In general, full-time and part-time employees of Protective Life Corporation and its participating subsidiaries who are listed in and paid through the Companys payroll system, may enroll in the Plan as soon as administratively practicable after their date of hire. Independent contractors, employees who work for the Company through a third-party agency (such as a contracting services firm or a temporary agency) and union members (unless the collective bargaining agreement provides for participation in the Plan) are not eligible to participate.
Protective Life Corporation matches employees pre-tax and/or Roth contributions dollar-for-dollar on the first 4% of eligible pay contributed to the Plan. The Employer provides cash matching for participant contributions to the
Plan. These cash matching contributions are invested according to the participants investment elections for their pre-tax and/or Roth contributions.
Participants Accounts/Benefits
An account is maintained for each participant in the Plan. The accounts are credited with the participants pre-tax, Roth and rollover contributions, Employer matching contributions, and investment earnings. Distributions, withdrawals, and allocated expenses are subtracted from the account balances.
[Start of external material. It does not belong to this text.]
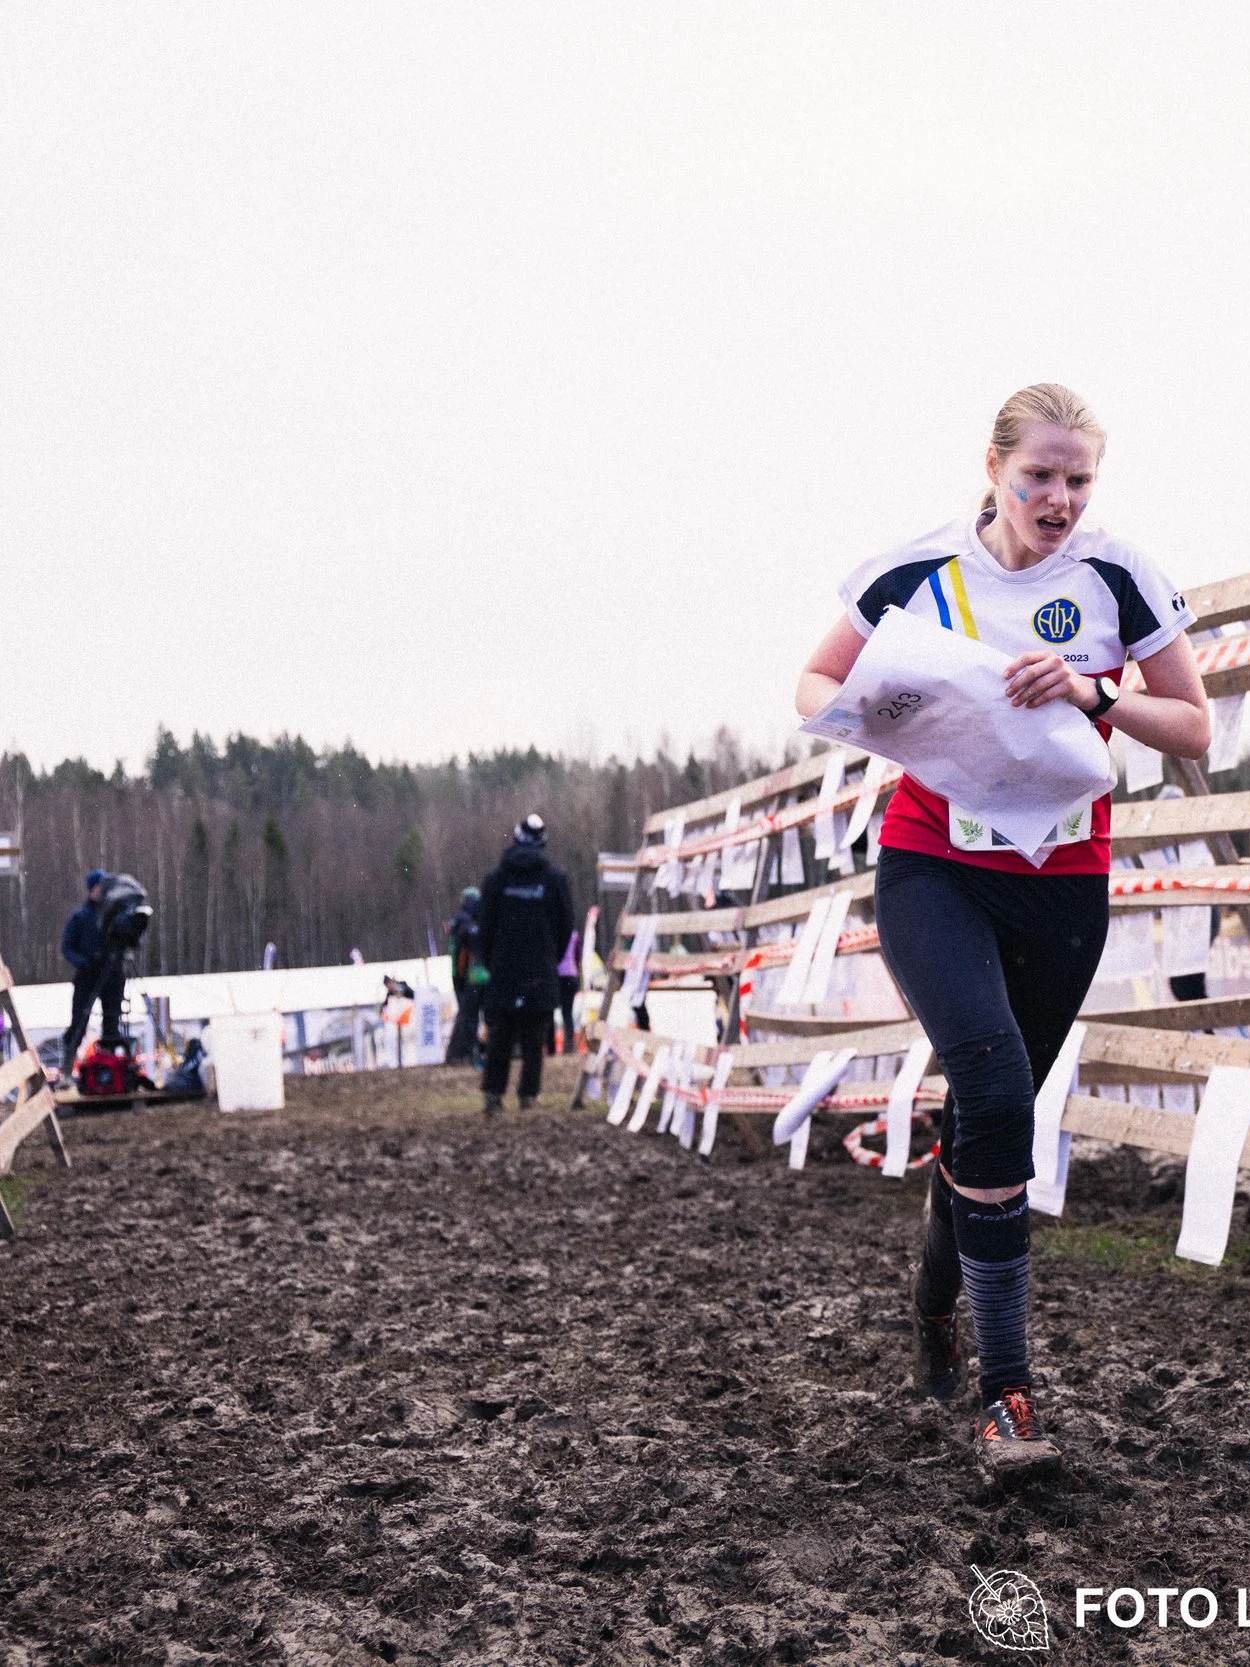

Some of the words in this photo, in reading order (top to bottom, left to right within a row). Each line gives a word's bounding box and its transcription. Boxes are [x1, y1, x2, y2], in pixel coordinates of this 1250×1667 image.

[1036, 600, 1077, 640] AIK
[1063, 654, 1089, 662] 2023
[877, 693, 922, 719] 243
Participants vested account balances represent the benefits available to the participants upon retirement, disability, death, or termination of service.
A participant may elect to receive a lump-sum distribution equal to the vested balance of his/her account or may leave it in the Plan if the vested balance is $1,000 or more. However, benefit payments must commence no later than April 1 following the year the participant reaches age 70½. Investment of a participants account in Employer common stock shall be distributed in the form of a lump-sum distribution of either Employer common stock or cash as the participant (or beneficiary) elects.
Contributions
The Plan is funded by pre-tax and designated Roth participant contributions, not to exceed $16,500 in 2011 (plus certain catch-up contributions for eligible participants), employee rollover contributions, and Employer matching contributions. Participant contributions cannot exceed 25% of total eligible employee compensation. Participant contributions made on a pre-tax basis qualify as a cash or deferred arrangement under Section 401(k) of the Internal Revenue Code (IRC).
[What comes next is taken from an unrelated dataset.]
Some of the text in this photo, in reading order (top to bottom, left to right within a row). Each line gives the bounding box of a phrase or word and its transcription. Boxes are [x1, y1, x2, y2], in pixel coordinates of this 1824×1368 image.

The Employer matches 100% of participant contributions up to a maximum of 4% of eligible employee compensation deposited to the Plan during the year.
Participating employees elect to authorize the Employer to withhold amounts from their salary and deposit the amounts, in varying percentages, into various investment options offered by the Plan. As of December 31, 2011, the Plan offered thirteen mutual funds and one collective trust fund, as well as Employer common stock, as investment options. All Employer matching contributions are made in cash and are invested according to the participants elections.
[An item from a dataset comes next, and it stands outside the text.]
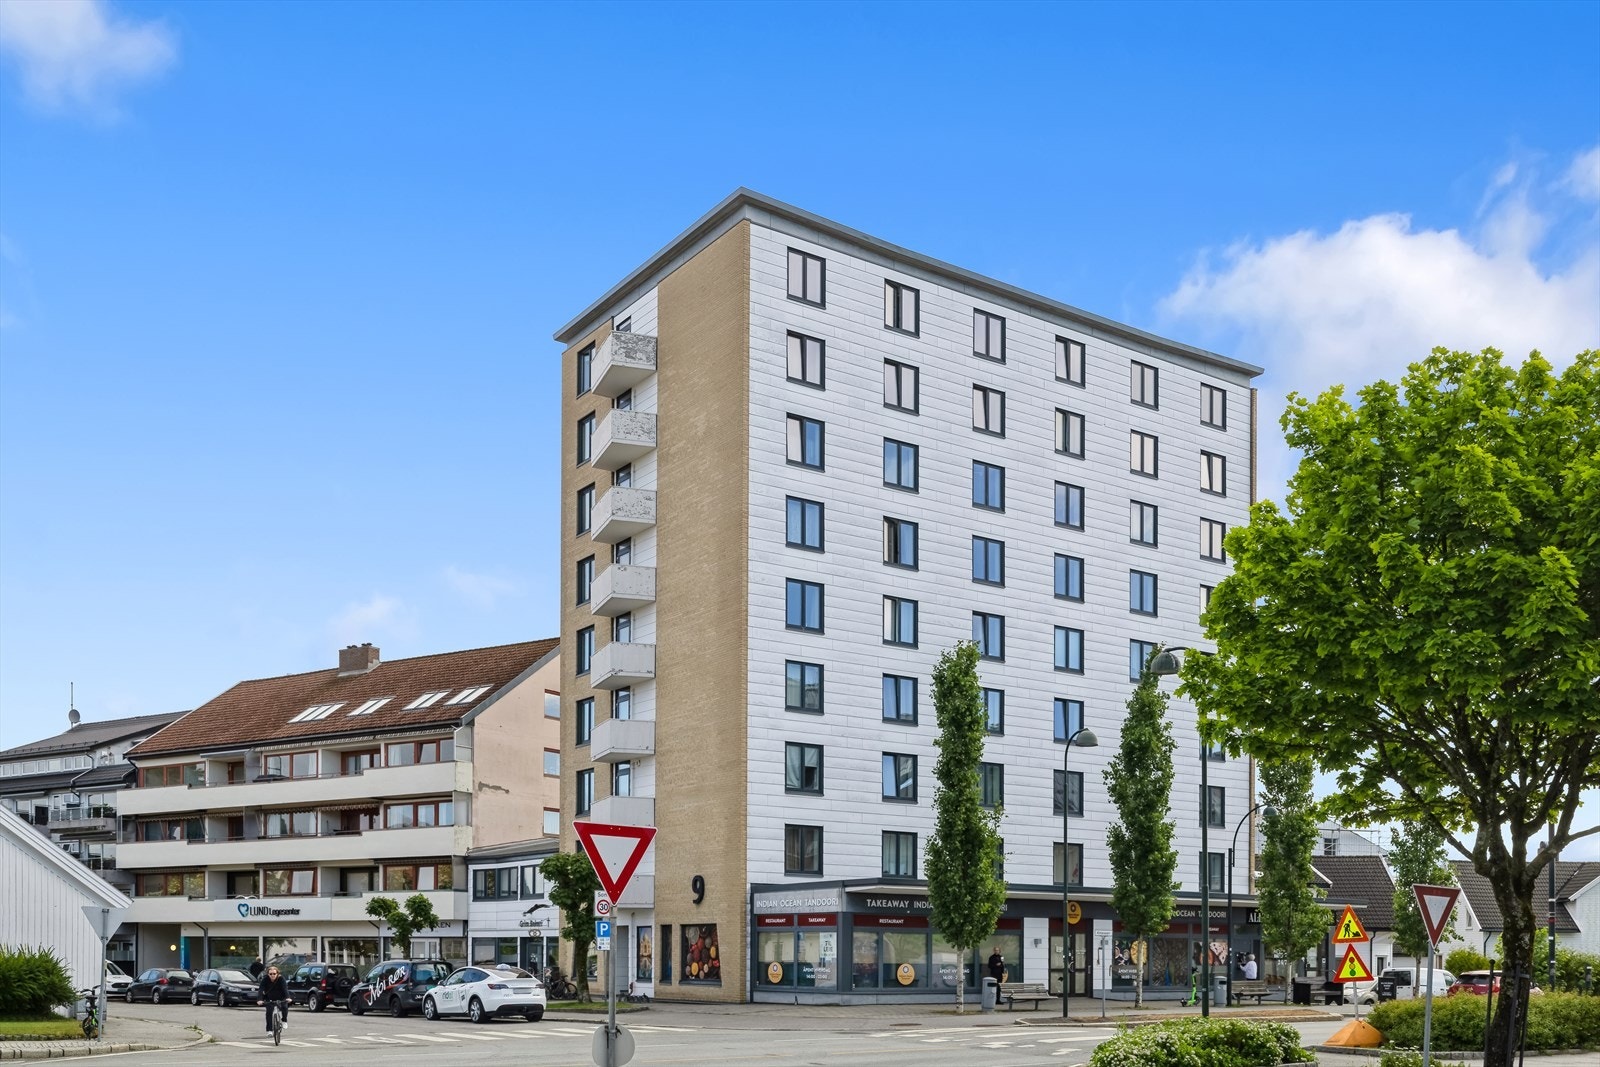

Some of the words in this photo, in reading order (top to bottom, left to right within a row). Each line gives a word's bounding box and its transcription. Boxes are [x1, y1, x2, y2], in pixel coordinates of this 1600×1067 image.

Participant pre-tax contributions and Employer matching contributions, and earnings thereon, are not subject to Federal income tax until the funds are disbursed from the Plan. Roth contributions are subject to Federal income tax when made to the Plan, but are not subject to taxation thereafter; earnings on Roth contributions are not subject to Federal income tax when distributed from the Plan if paid as part of a qualified distribution under the IRC.
All participant contributions, rollover contributions, and Employer matching contributions are fully vested at all times.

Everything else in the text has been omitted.